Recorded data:
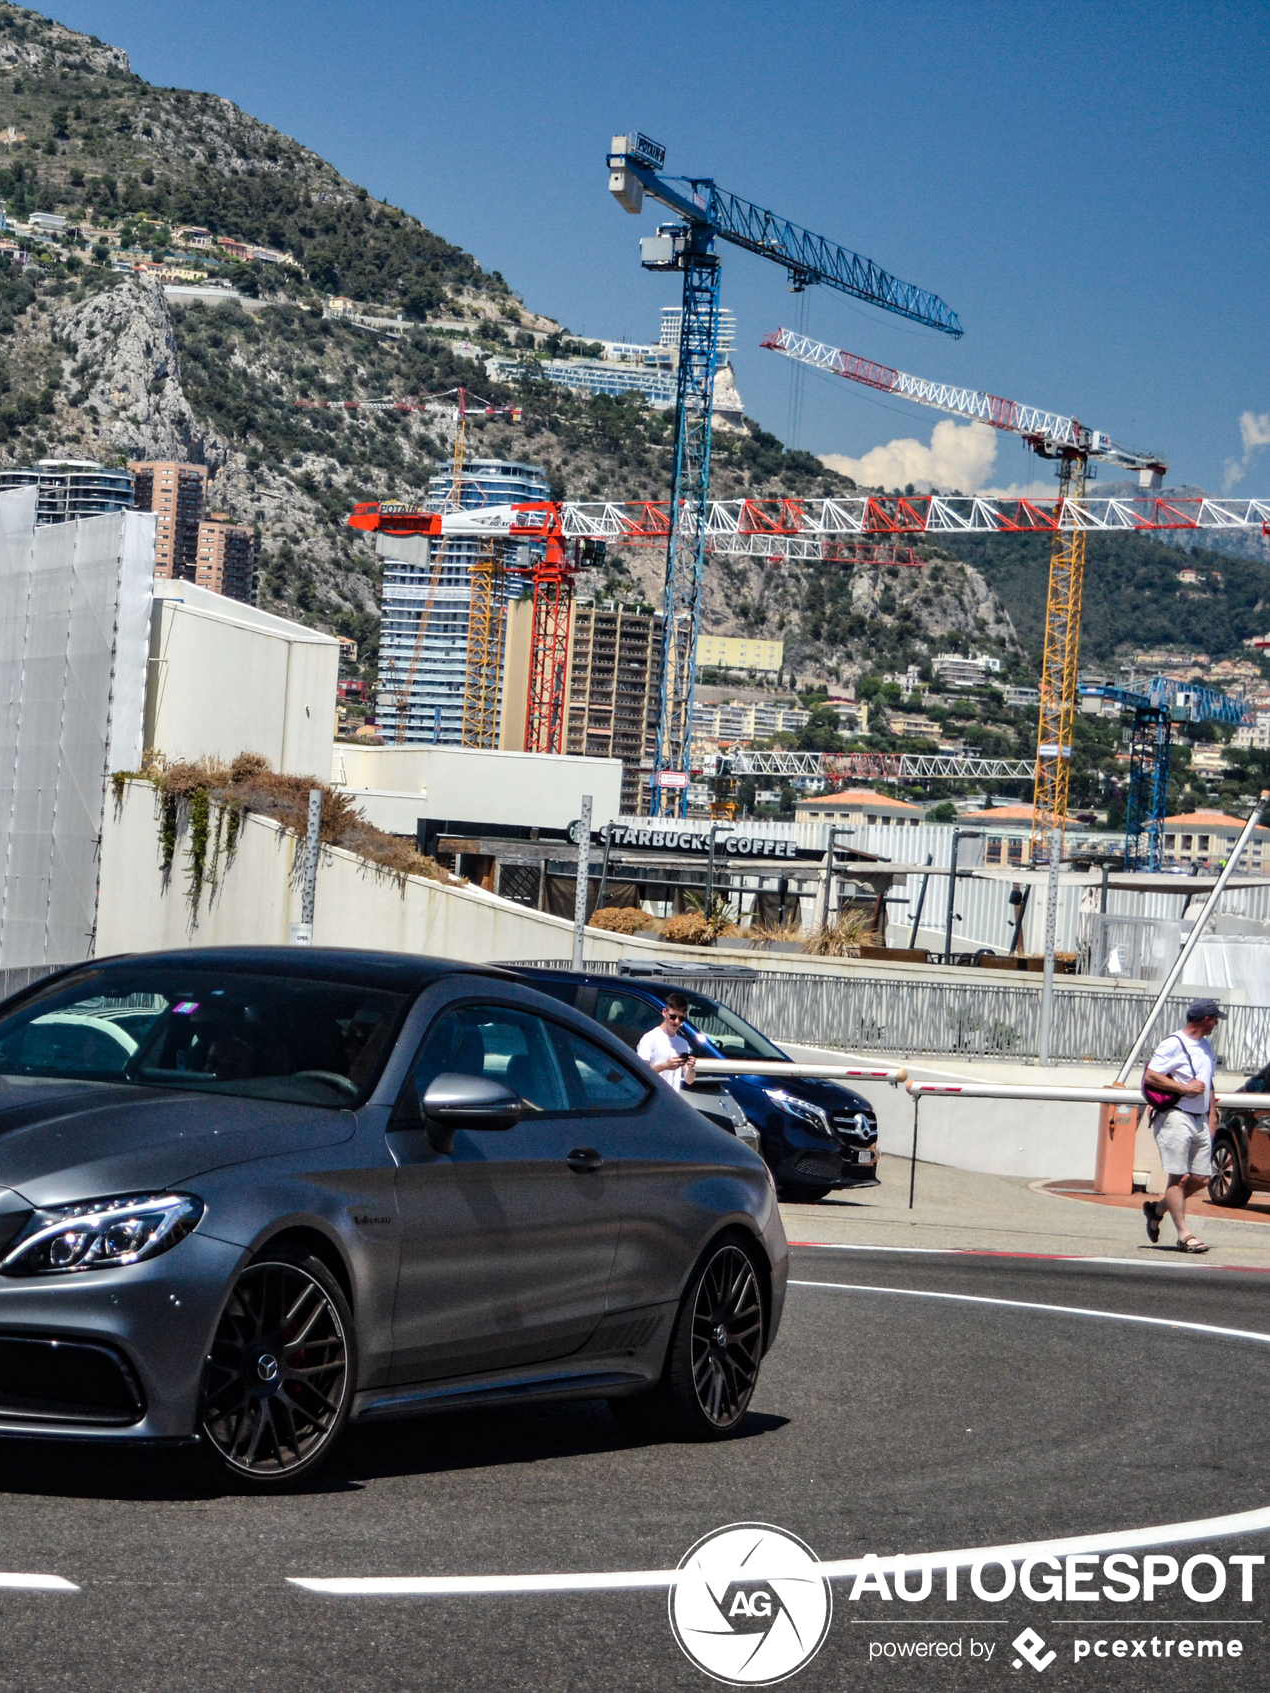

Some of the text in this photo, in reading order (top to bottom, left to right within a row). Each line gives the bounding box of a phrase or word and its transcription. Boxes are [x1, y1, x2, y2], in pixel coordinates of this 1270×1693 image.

[381, 504, 419, 513] POTAIN
[600, 826, 797, 857] STARBUCKS COFFEE
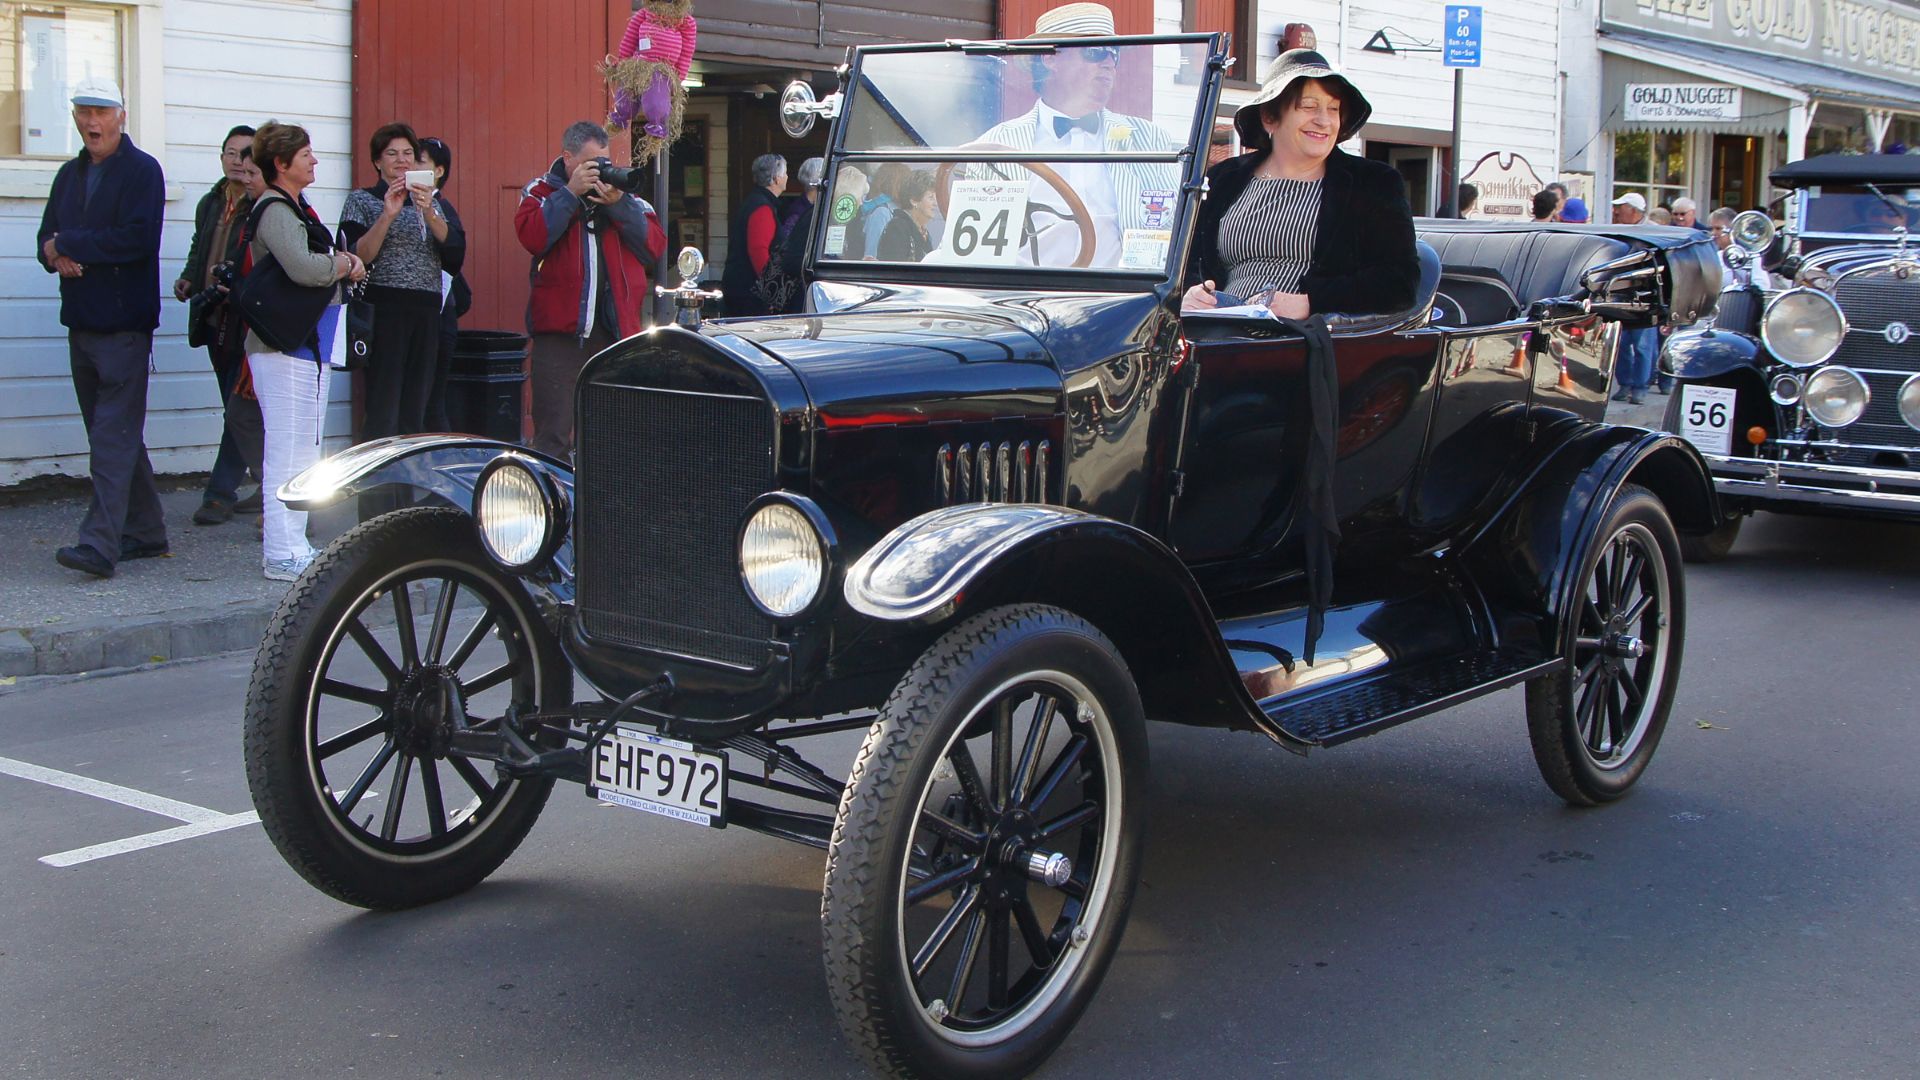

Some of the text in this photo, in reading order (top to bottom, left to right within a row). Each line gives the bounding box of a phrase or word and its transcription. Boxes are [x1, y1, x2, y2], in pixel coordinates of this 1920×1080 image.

[1458, 9, 1469, 23] P
[1726, 0, 1813, 44] GOLD
[1457, 26, 1469, 37] 60
[1633, 87, 1738, 104] GOLD NUGGET
[1641, 106, 1664, 116] GIFTS
[1667, 107, 1672, 116] &
[1142, 190, 1174, 198] CENTENARY
[952, 209, 1010, 257] 64
[1688, 400, 1727, 428] 56
[595, 739, 719, 810] EHF972
[600, 791, 621, 803] MODEL
[626, 798, 642, 808] FORD
[642, 802, 658, 812] CLUB
[658, 805, 667, 813] OF
[667, 807, 681, 817] NEW
[681, 810, 709, 824] ZEALAND

→ GOAL OF THE EXERCISE:
Print all the lines above again exactly, without any pictures.

→ SOLUTION:
Some of the text in this photo, in reading order (top to bottom, left to right within a row). Each line gives the bounding box of a phrase or word and its transcription. Boxes are [x1, y1, x2, y2], in pixel coordinates of this 1270×1693 image.

[381, 504, 419, 513] POTAIN
[600, 826, 797, 857] STARBUCKS COFFEE

Some of the text in this photo, in reading order (top to bottom, left to right within a row). Each line gives the bounding box of a phrase or word and its transcription. Boxes are [x1, y1, x2, y2], in pixel coordinates of this 1920×1080 image.

[1458, 9, 1469, 23] P
[1726, 0, 1813, 44] GOLD
[1457, 26, 1469, 37] 60
[1633, 87, 1738, 104] GOLD NUGGET
[1641, 106, 1664, 116] GIFTS
[1667, 107, 1672, 116] &
[1142, 190, 1174, 198] CENTENARY
[952, 209, 1010, 257] 64
[1688, 400, 1727, 428] 56
[595, 739, 719, 810] EHF972
[600, 791, 621, 803] MODEL
[626, 798, 642, 808] FORD
[642, 802, 658, 812] CLUB
[658, 805, 667, 813] OF
[667, 807, 681, 817] NEW
[681, 810, 709, 824] ZEALAND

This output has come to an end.